Hindsight planning is a process of putting yourself as realistically as possible into the ‘headspace’ where you have achieved the goals you set, and then ‘plan backwards’. It sounds like a semantic game, but it is not. It is rooted in Psychology.

As Daniel Kahneman put it: ‘Once you adopt a new view of the world, or a part of it, you immediately lose much of your ability to recall what you used to believe before your mind changed’

Having agreed the shape and size of the business in 1, 3, or 5 years, whatever horizon you have agreed on, the task now is to ‘put yourself there’.

The difficult choices that are needed become more obvious when you can better see the challenging questions you need to ask.

Imagine the outcome has been achieved, and then articulate the steps you have taken in that journey. This is an exercise in perspective. Working backwards enables you to test ideas, assumptions, and choices, against an outcome you have agreed has already occurred, albeit in your collective minds. In that way, a ‘reality filter’ of sorts has been applied.

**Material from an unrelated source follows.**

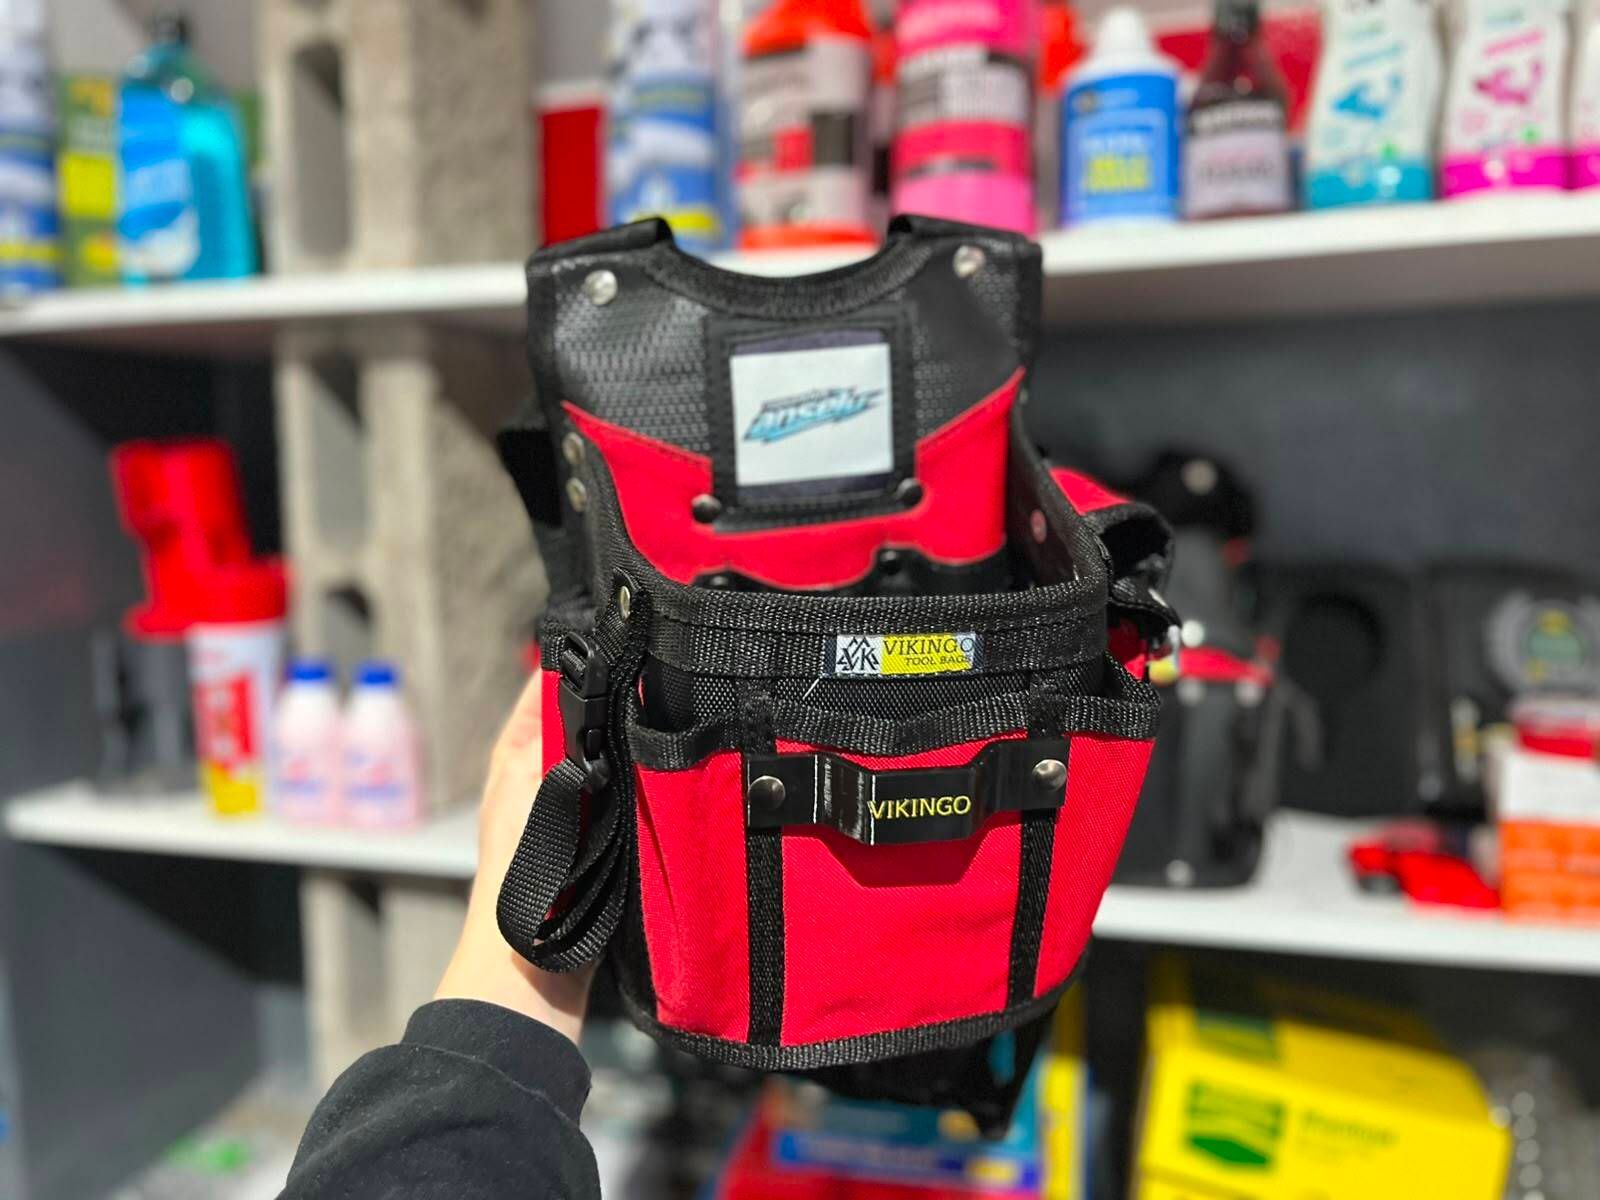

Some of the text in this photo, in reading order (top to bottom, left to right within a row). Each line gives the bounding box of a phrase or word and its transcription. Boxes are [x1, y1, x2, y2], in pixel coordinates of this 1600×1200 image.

[884, 637, 973, 656] VIKINGO
[906, 656, 936, 666] TOOL
[867, 795, 971, 819] VIKINGO

Some of the obvious questions that need to be answered may be:

  • Where did the revenue come from? Growth is not possible in the absence of revenue, so list the sources. Current customers, new customers, channels, business models, products, technical achievements, geographies, and so on. However, do not just list them, articulate in some detail how it has happened. Again, that past perspective adds real ‘grunt’ to the conversations.

 

  • Where did the capital come from? Growth is a veracious consumer of resources, particularly capital. How did you fund that growth? Reinvestment of retained earnings, capital raising from friends and family, or from the markets, public and private, debt finance considering the necessity for assets as collateral?

 

  • What is the dominant business model? Are you a middleman, retailer, on-line item sales, subscription sales, did you achieve a position to monetise arbitrage opportunities? Digital has delivered a host of new and emerging business models to us over the last decade, but one thing that has become clear, if it was not already, is that differing business models do not live comfortably in the same house. Therefore, if your revenue streams come from different business models, the structure of your resulting business needs to be decentralised by those differing business models.

 

  • What is the ideal corporate structure? Have you remained private, are you publicly owned, a partnership, Joint venture, franchise system? There are many options, and as in the previous question, potential siblings rarely successfully live in the same house.

 

  • What capabilities were required to succeed, and where did you find them? This is a question in two parts. Firstly, what capabilities were required from individuals, technical, strategic, financial, and all the other factors that make human beings able to contribute? Secondly, what were the organisational, leadership and cultural factors that enabled the organisation to leverage the capabilities the individuals brought in each morning as they turned up to work.

 

  • Which customers, markets, products, technologies, relationships, were critical to the success? The answers to these questions are a ‘must know’ level. Why did those customers come to you, choosing not to go to a competitor? What is the factor that differentiated you from the others?

 

  • Which competitors proved to be the most potent? Anticipating competitive action, and planning to accommodate the impact is a necessary part of every plan, as noted previously.

 

  • Where did the new competitors come from? New competition almost always comes from the fringes, and often outside the normal scope of most extrapolative planning. Looking widely at what is happening in other markets, and other technologies may offer insights to where new, and more potent competition may come from. Honda started in motor bikes with the Honda 50, selling it to students in California as cheap local transport. None of the incumbents, Triumph, Norton, Harley, saw them coming, they thought they were toys, being bought by people who would never buy a big bike. Blockbuster ‘owned’ video, and could have bought Netfliks for $50 million, but thought them irrelevant, not even an irritation. 5 years later Blockbuster was broke.

 

  • What is the emerging source of customer value in the market? Nothing new will be bought in the absence of a reason to switch from the incumbents, which always means new value has been created, somehow. How did you create yours?

 

  • What did we do wrong, and what did we learn? You learn more from your mistakes than you do from the things you got right. Make sure ‘learning’ is part of the cultural DNA of your business.

 

When you have the answers to all these questions, and probably many others, found with the benefit of the virtual hindsight, you will be in a powerful marketing position, able to write the plans that double-down on the things that will deliver the objectives and success.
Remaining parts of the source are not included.